#### Collection entries
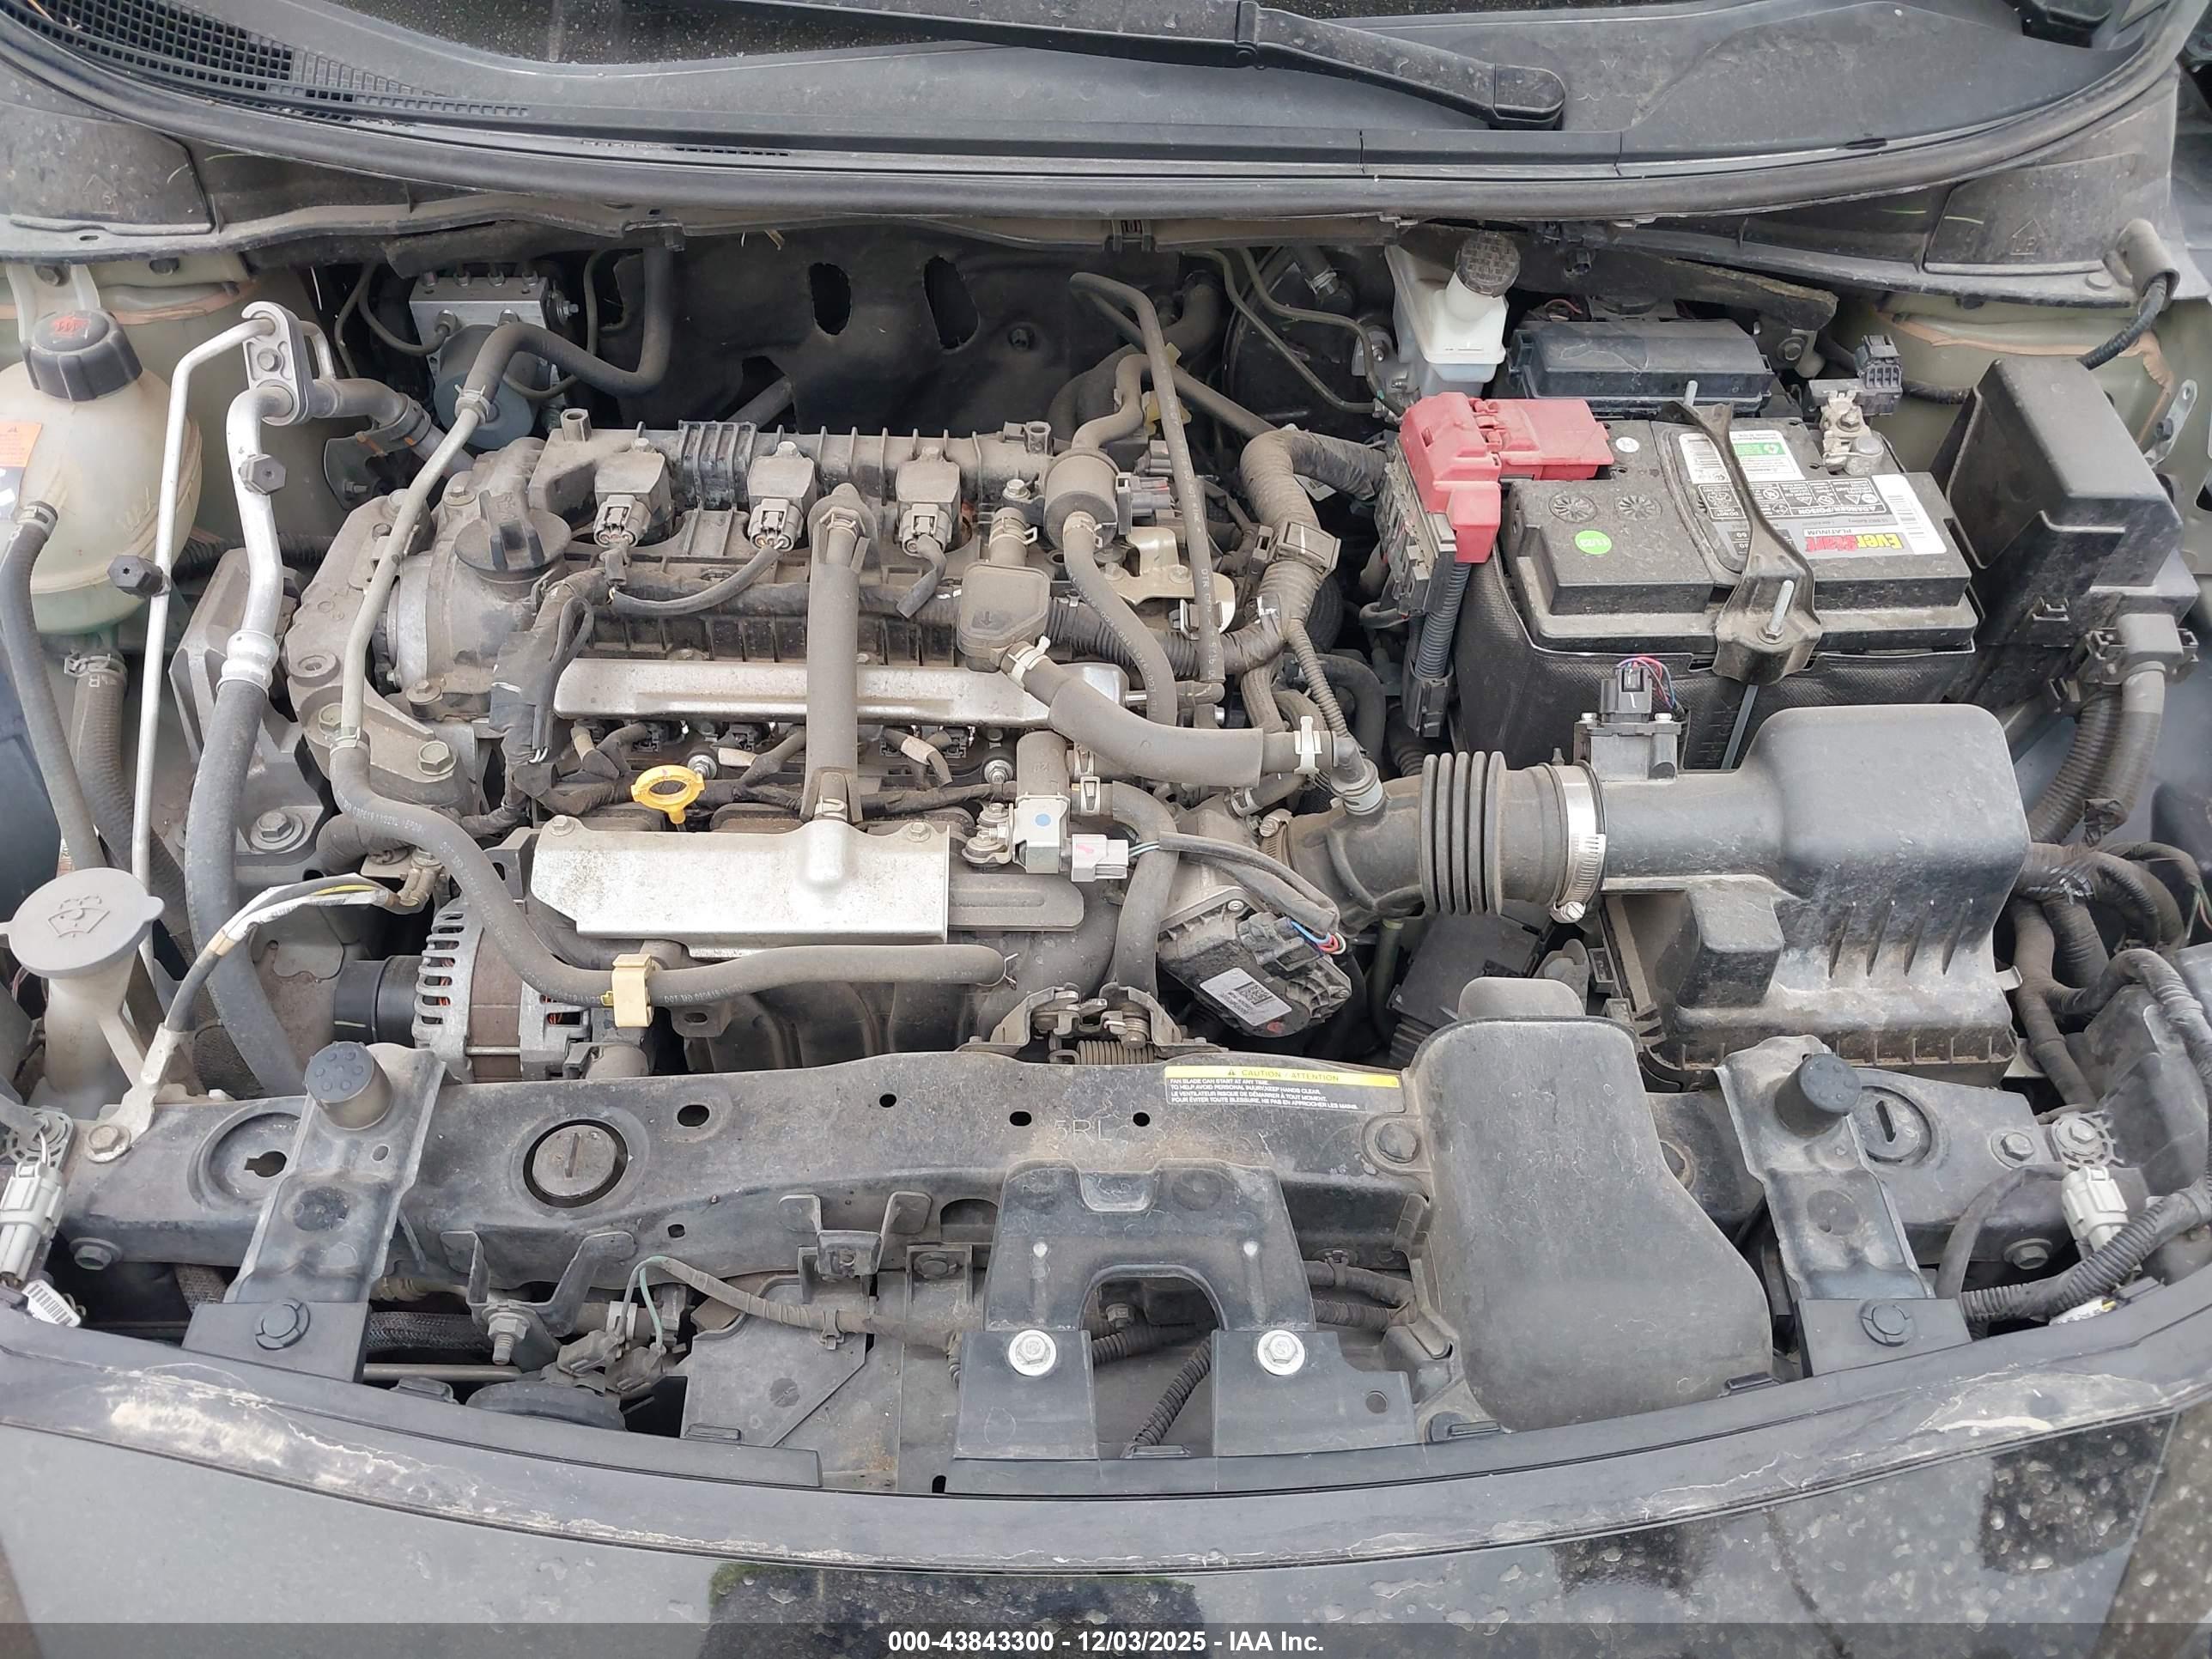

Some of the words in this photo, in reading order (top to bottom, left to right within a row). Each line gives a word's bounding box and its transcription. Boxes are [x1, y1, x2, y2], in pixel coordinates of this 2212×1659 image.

[1805, 532, 1905, 552] EverStart
[1242, 1069, 1281, 1078] CAUTION
[1291, 1073, 1339, 1081] ATTENTION
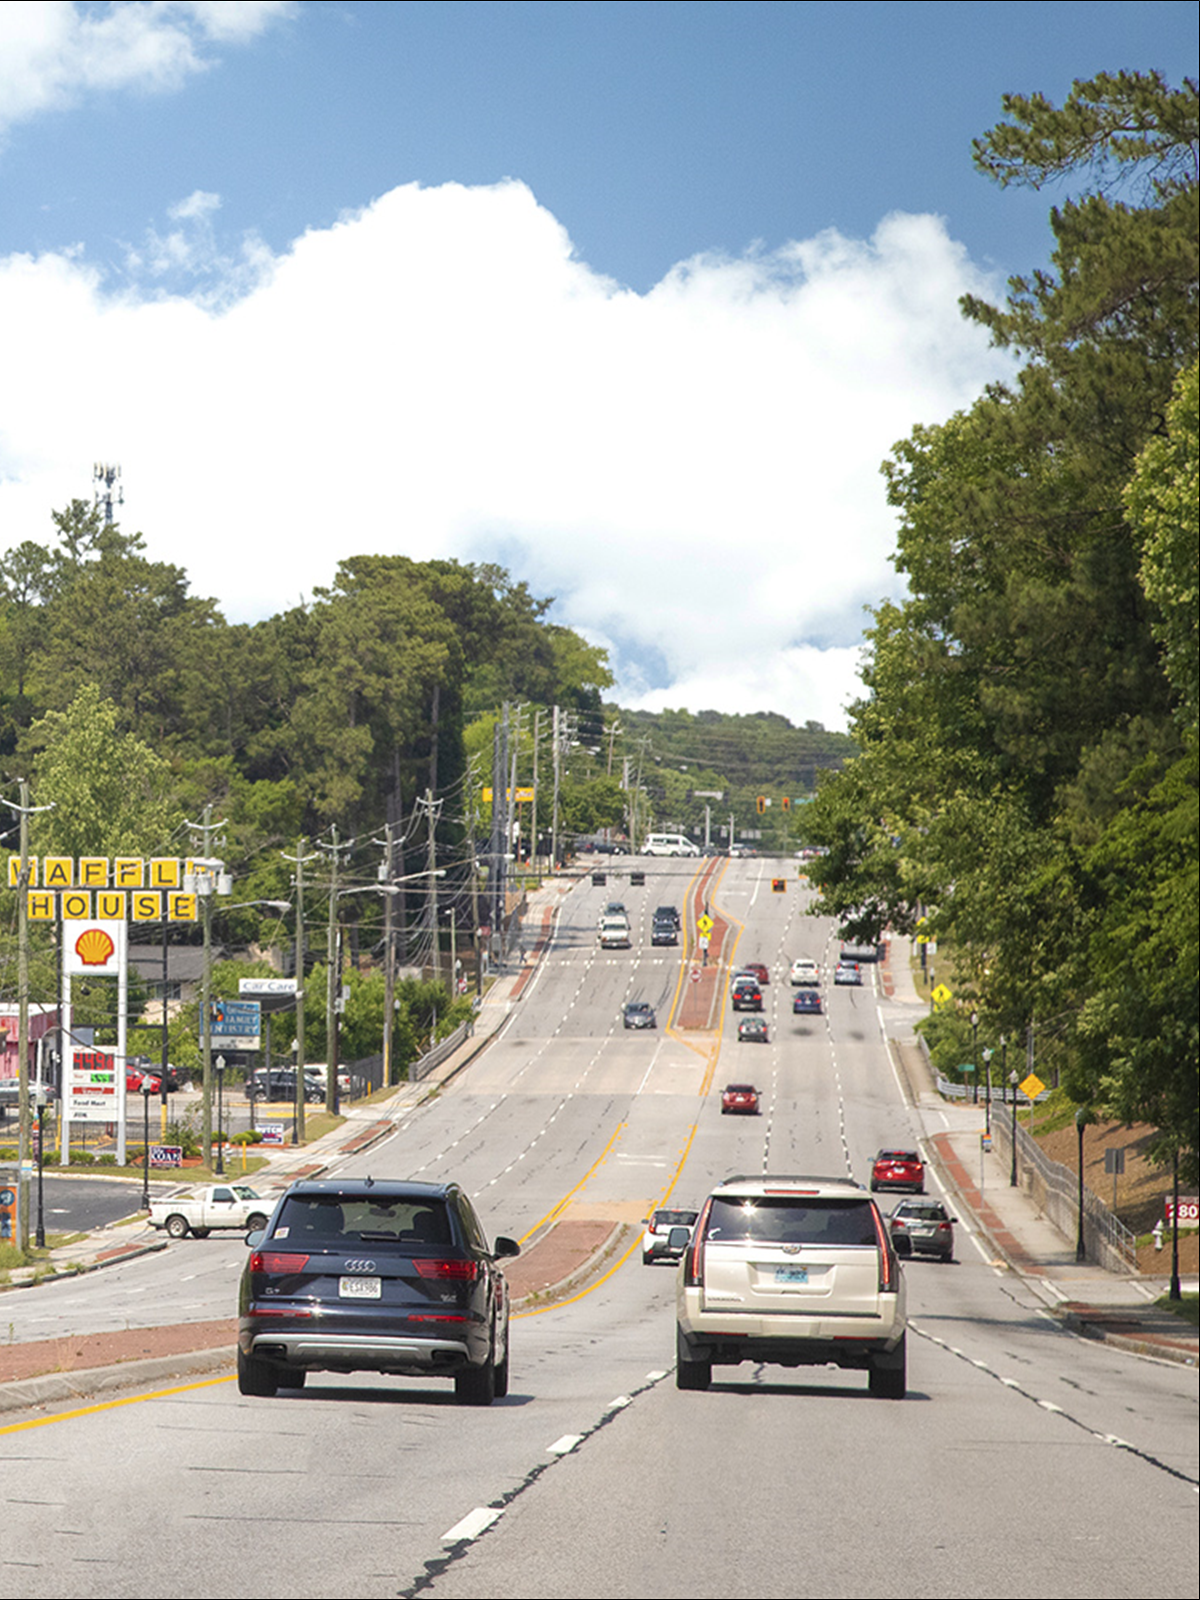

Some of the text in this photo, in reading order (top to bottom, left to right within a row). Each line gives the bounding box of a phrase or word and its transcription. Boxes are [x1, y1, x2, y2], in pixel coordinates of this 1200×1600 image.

[13, 862, 205, 883] WAFFL
[31, 896, 190, 917] HOUSE
[243, 982, 295, 991] Car Care
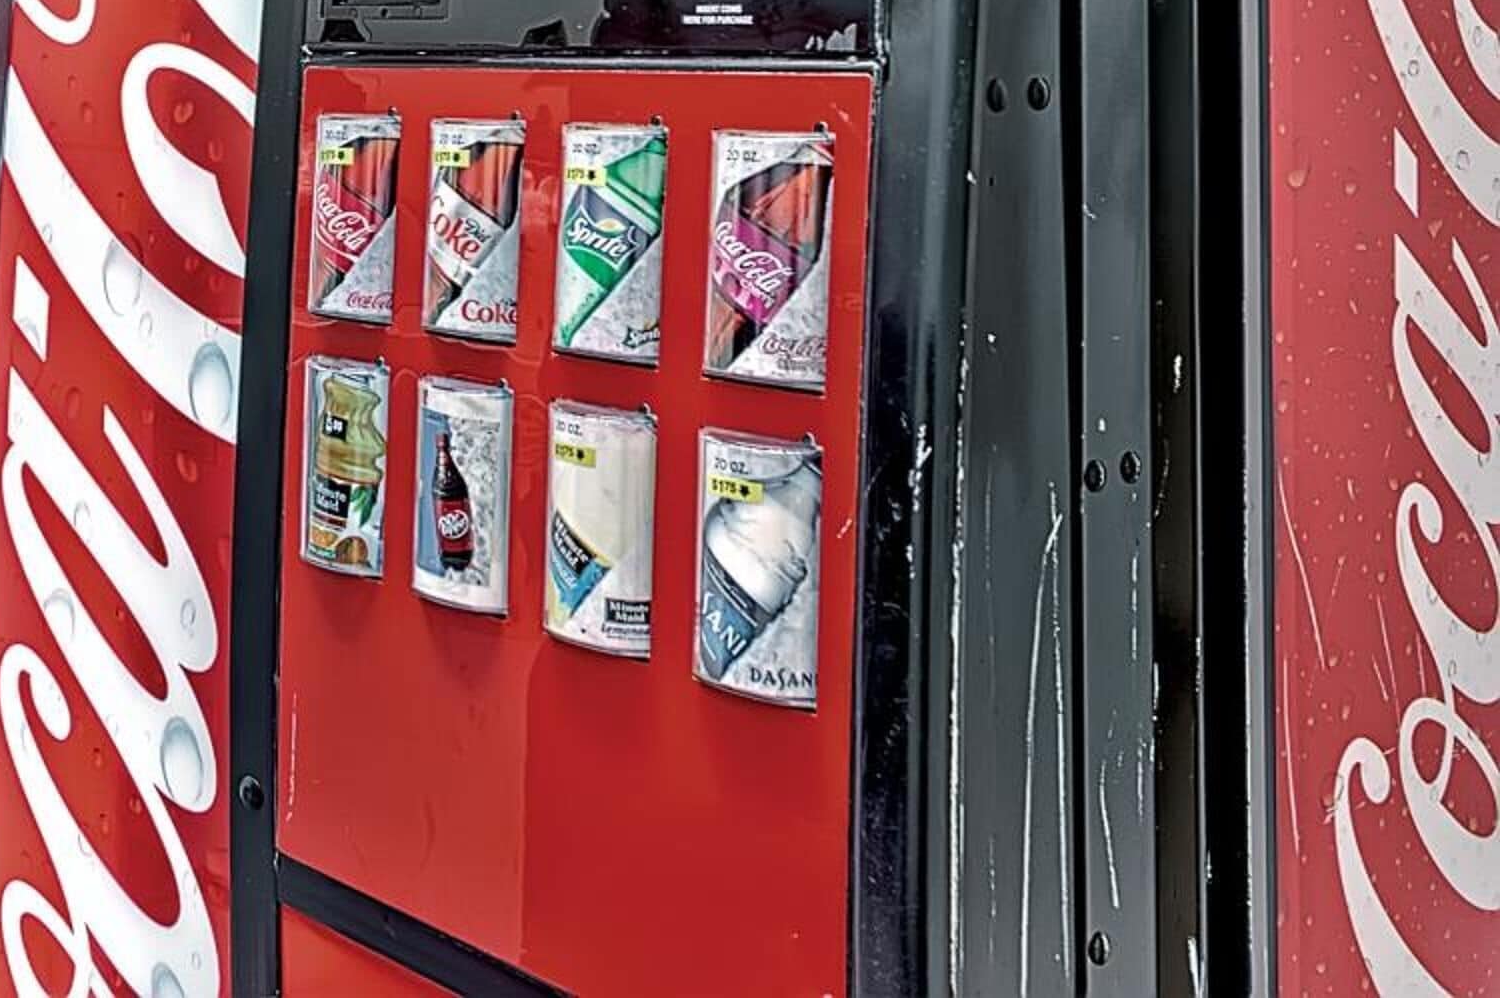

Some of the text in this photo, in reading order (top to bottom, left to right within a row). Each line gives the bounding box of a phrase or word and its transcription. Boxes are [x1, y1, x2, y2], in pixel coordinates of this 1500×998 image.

[568, 216, 629, 259] Sprite
[714, 221, 796, 294] Coca-Cola
[460, 299, 518, 326] Coke

#### TASK GOAL
Retype the records above exactly, and keep any picture out of what you write.

#### RESULT
Some of the words in this photo, in reading order (top to bottom, left to right within a row). Each line gives a word's bounding box and its transcription. Boxes are [x1, y1, x2, y2], in pixel coordinates of this 2212×1659 image.

[1805, 532, 1905, 552] EverStart
[1242, 1069, 1281, 1078] CAUTION
[1291, 1073, 1339, 1081] ATTENTION

Some of the text in this photo, in reading order (top to bottom, left to right within a row). Each line gives the bounding box of a phrase or word and its transcription. Boxes are [x1, y1, x2, y2], in pixel coordinates of this 1200×1600 image.

[13, 862, 205, 883] WAFFL
[31, 896, 190, 917] HOUSE
[243, 982, 295, 991] Car Care

Some of the text in this photo, in reading order (top to bottom, left to right within a row). Each line gives the bounding box of a phrase or word and its transcription. Boxes are [x1, y1, x2, y2], in pixel coordinates of this 1500×998 image.

[568, 216, 629, 259] Sprite
[714, 221, 796, 294] Coca-Cola
[460, 299, 518, 326] Coke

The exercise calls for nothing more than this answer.